__The records__
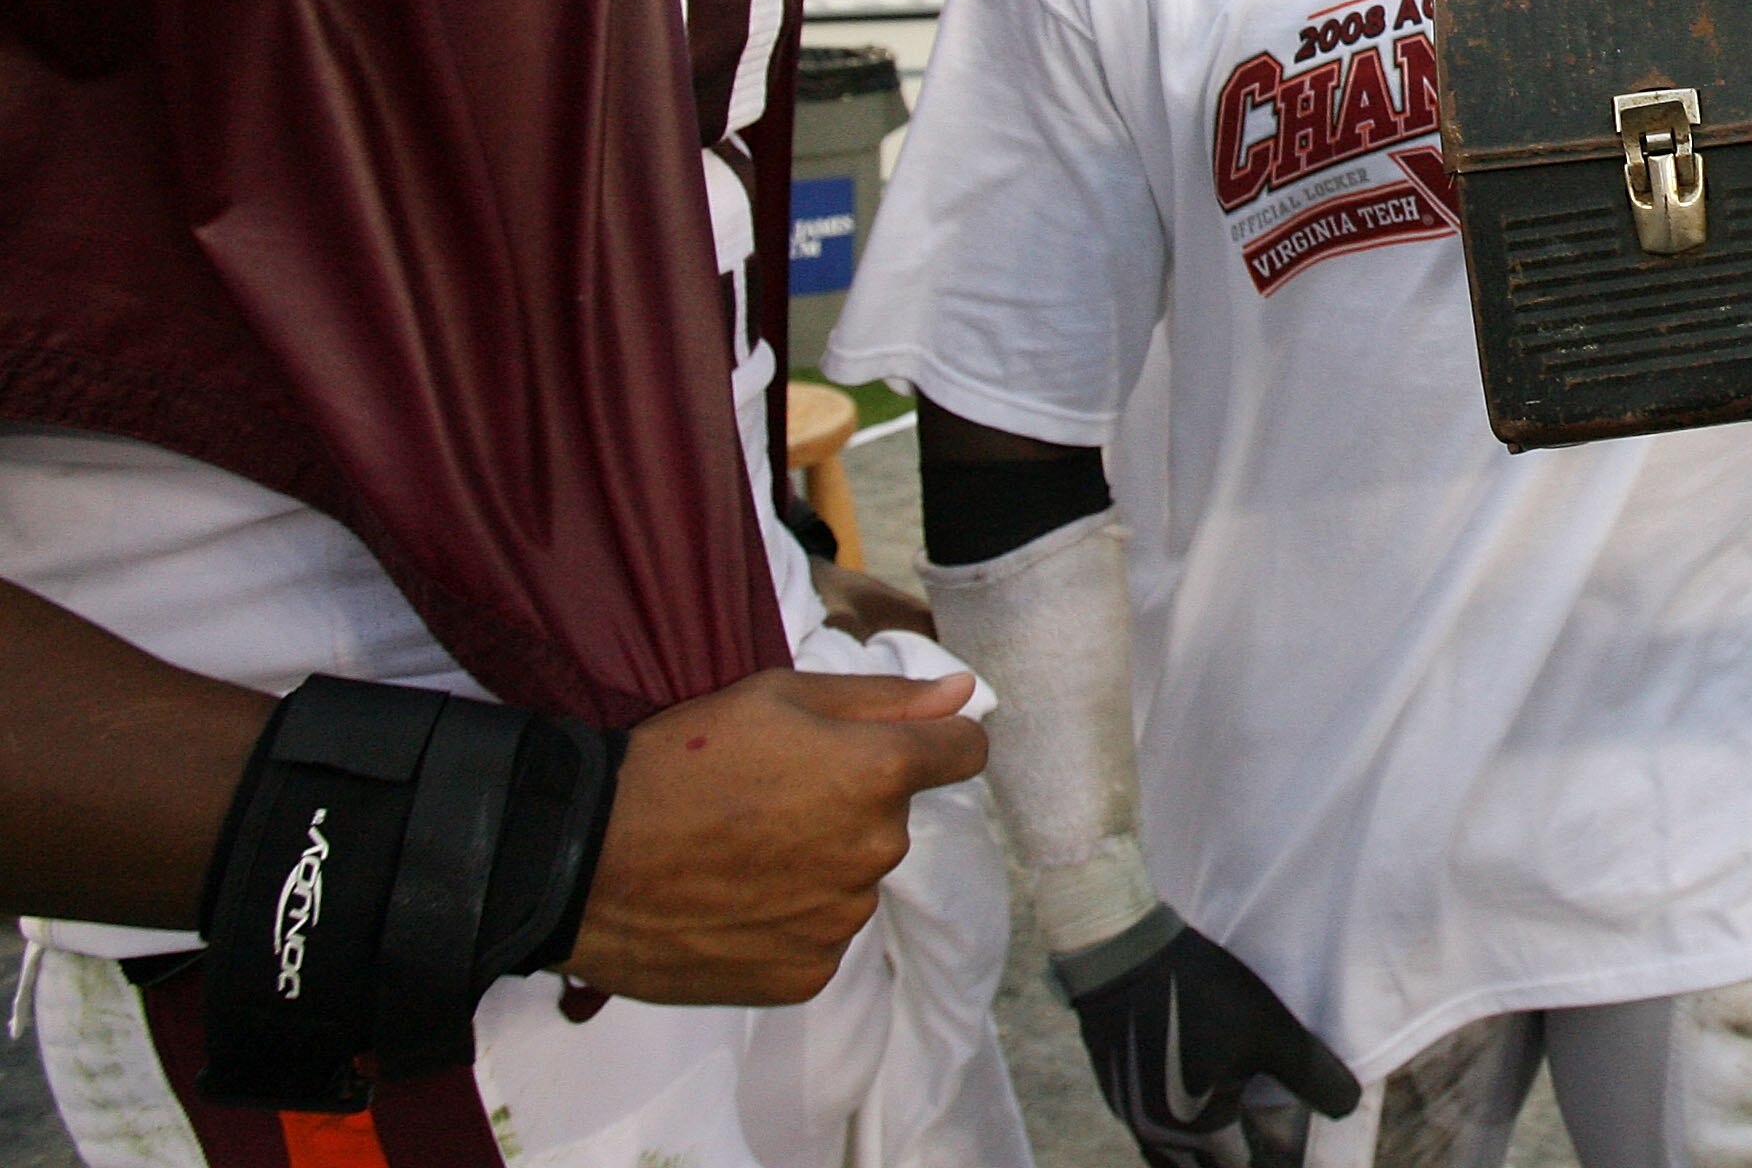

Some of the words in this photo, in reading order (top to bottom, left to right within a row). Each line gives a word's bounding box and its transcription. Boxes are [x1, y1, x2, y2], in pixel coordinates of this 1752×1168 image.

[1294, 4, 1386, 63] 2008
[1230, 193, 1300, 243] OFFICIAL
[1301, 167, 1371, 206] LOCKER
[1251, 212, 1357, 279] VIRGINIA
[1357, 195, 1421, 231] TECH
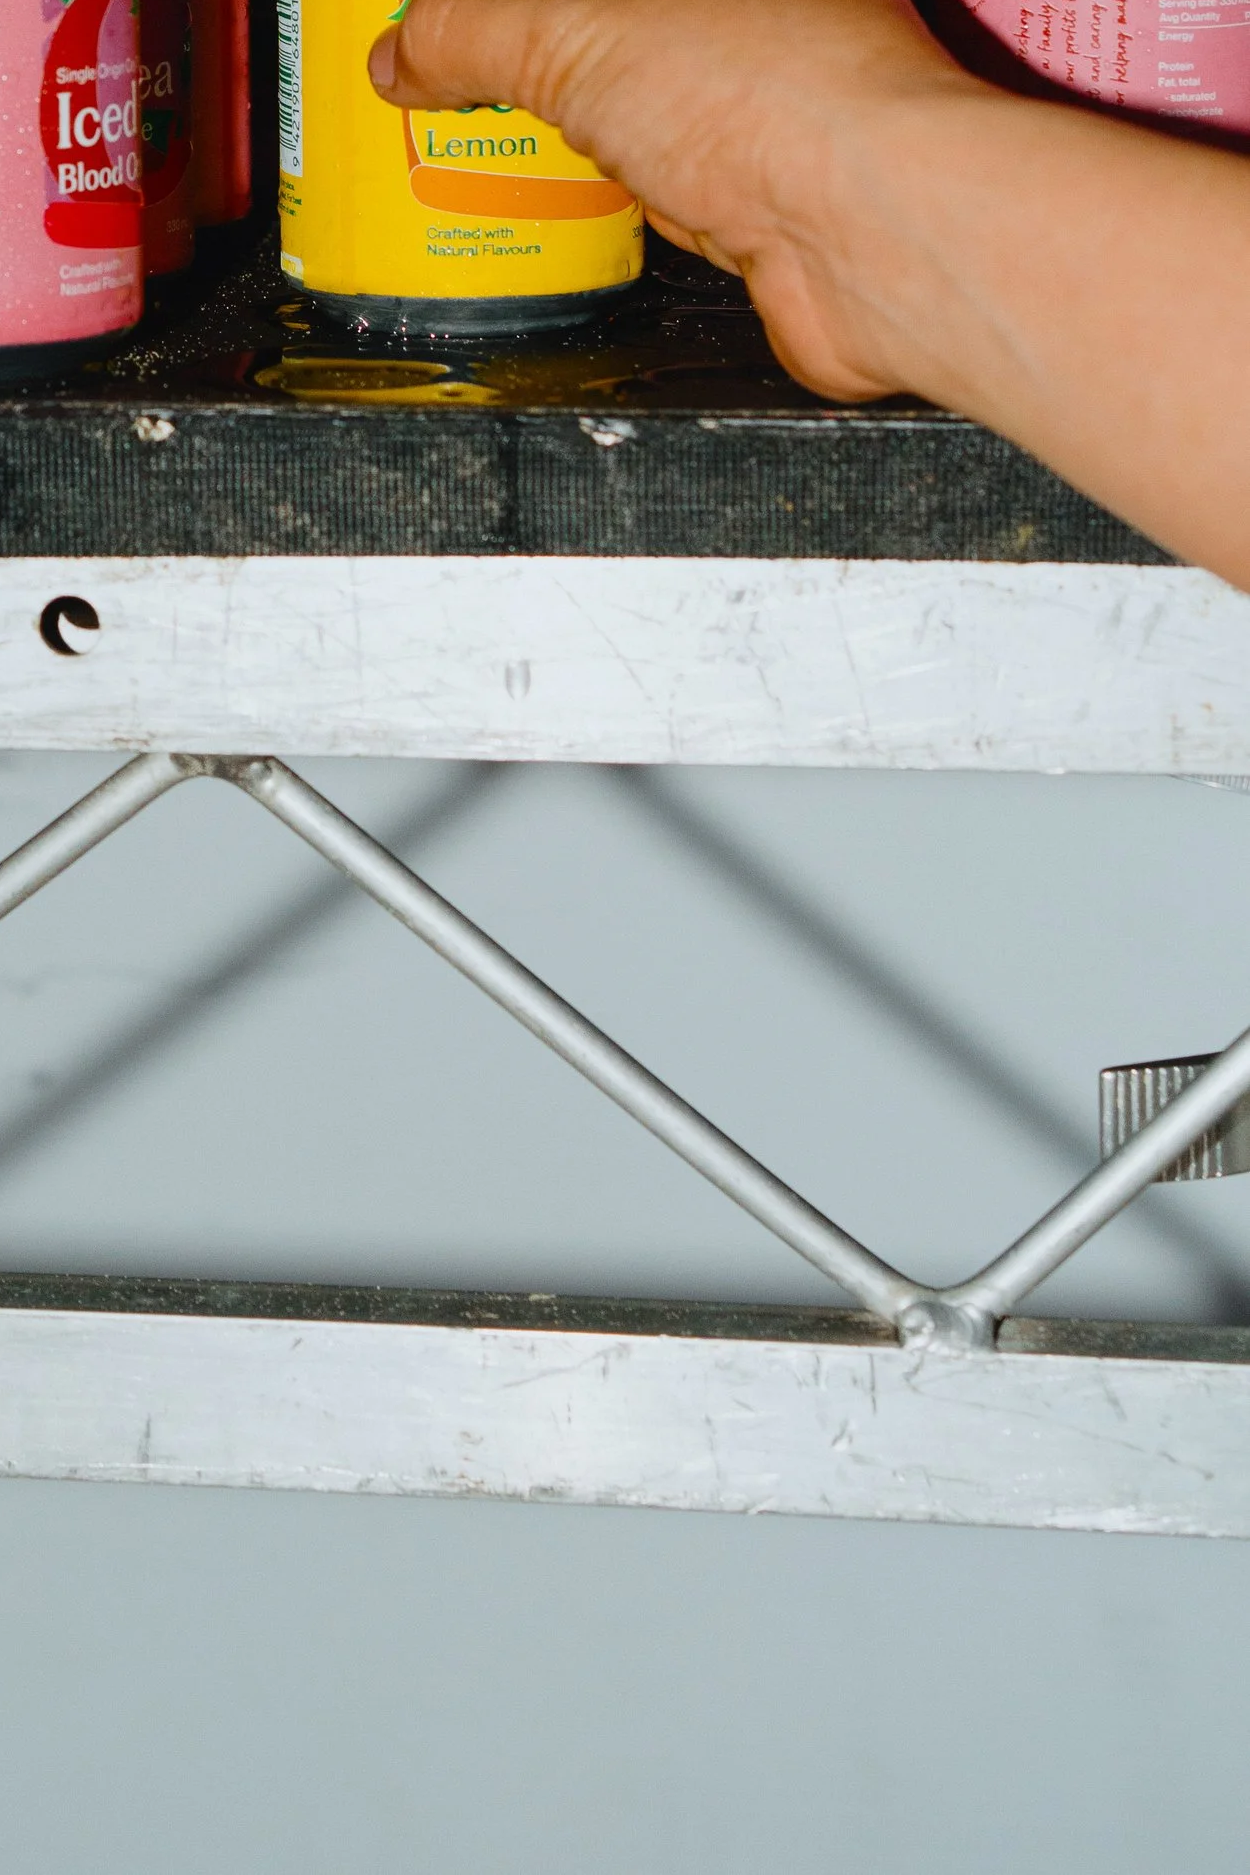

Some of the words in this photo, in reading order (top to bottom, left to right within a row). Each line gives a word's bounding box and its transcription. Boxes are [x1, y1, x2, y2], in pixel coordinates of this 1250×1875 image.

[1038, 4, 1058, 52] family
[1062, 9, 1080, 53] profits
[1090, 3, 1106, 49] caring
[56, 66, 96, 85] Single
[1042, 59, 1049, 69] a
[1066, 61, 1074, 81] our
[1086, 55, 1100, 82] and
[1110, 33, 1132, 83] helping
[56, 79, 138, 150] Iced
[292, 70, 300, 143] 421907
[426, 129, 538, 158] Lemon
[58, 155, 123, 196] Blood
[426, 226, 480, 240] Crafted
[485, 225, 514, 239] with
[426, 243, 478, 257] Natural
[482, 242, 541, 256] Flavours
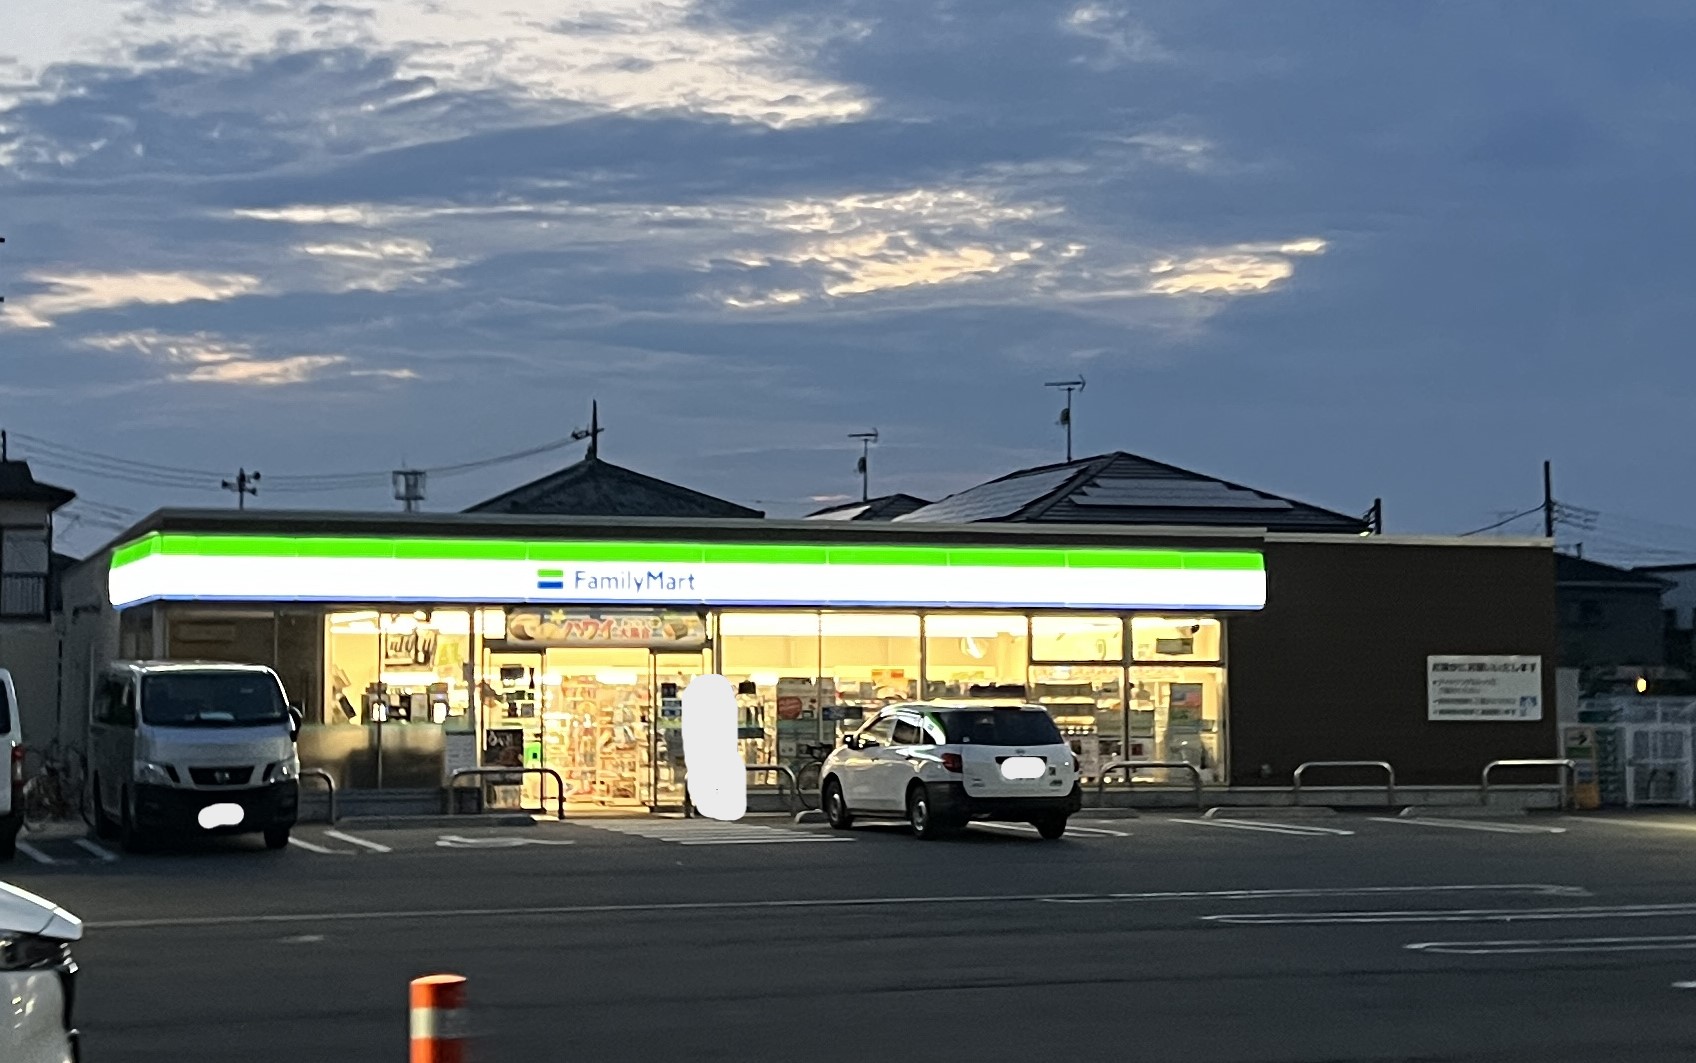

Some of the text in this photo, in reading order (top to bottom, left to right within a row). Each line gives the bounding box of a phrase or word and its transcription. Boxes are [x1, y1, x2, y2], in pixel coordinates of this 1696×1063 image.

[575, 570, 695, 592] FamilyMart
[564, 618, 616, 640] ハワイ

__What is needed__
Set down every entry word for word, but omit the pictures.

__Result for this exercise__
Some of the words in this photo, in reading order (top to bottom, left to right within a row). Each line gives a word's bounding box and its transcription. Boxes are [x1, y1, x2, y2], in pixel coordinates of this 1752×1168 image.

[1294, 4, 1386, 63] 2008
[1230, 193, 1300, 243] OFFICIAL
[1301, 167, 1371, 206] LOCKER
[1251, 212, 1357, 279] VIRGINIA
[1357, 195, 1421, 231] TECH

Some of the words in this photo, in reading order (top to bottom, left to right within a row). Each line gives a word's bounding box and its transcription. Boxes are [x1, y1, x2, y2], in pixel coordinates of this 1250×1875 image.

[1038, 4, 1058, 52] family
[1062, 9, 1080, 53] profits
[1090, 3, 1106, 49] caring
[56, 66, 96, 85] Single
[1042, 59, 1049, 69] a
[1066, 61, 1074, 81] our
[1086, 55, 1100, 82] and
[1110, 33, 1132, 83] helping
[56, 79, 138, 150] Iced
[292, 70, 300, 143] 421907
[426, 129, 538, 158] Lemon
[58, 155, 123, 196] Blood
[426, 226, 480, 240] Crafted
[485, 225, 514, 239] with
[426, 243, 478, 257] Natural
[482, 242, 541, 256] Flavours

Some of the text in this photo, in reading order (top to bottom, left to right within a row). Each line gives the bounding box of a phrase or word and its transcription. Boxes are [x1, y1, x2, y2], in pixel coordinates of this 1696×1063 image.

[575, 570, 695, 592] FamilyMart
[564, 618, 616, 640] ハワイ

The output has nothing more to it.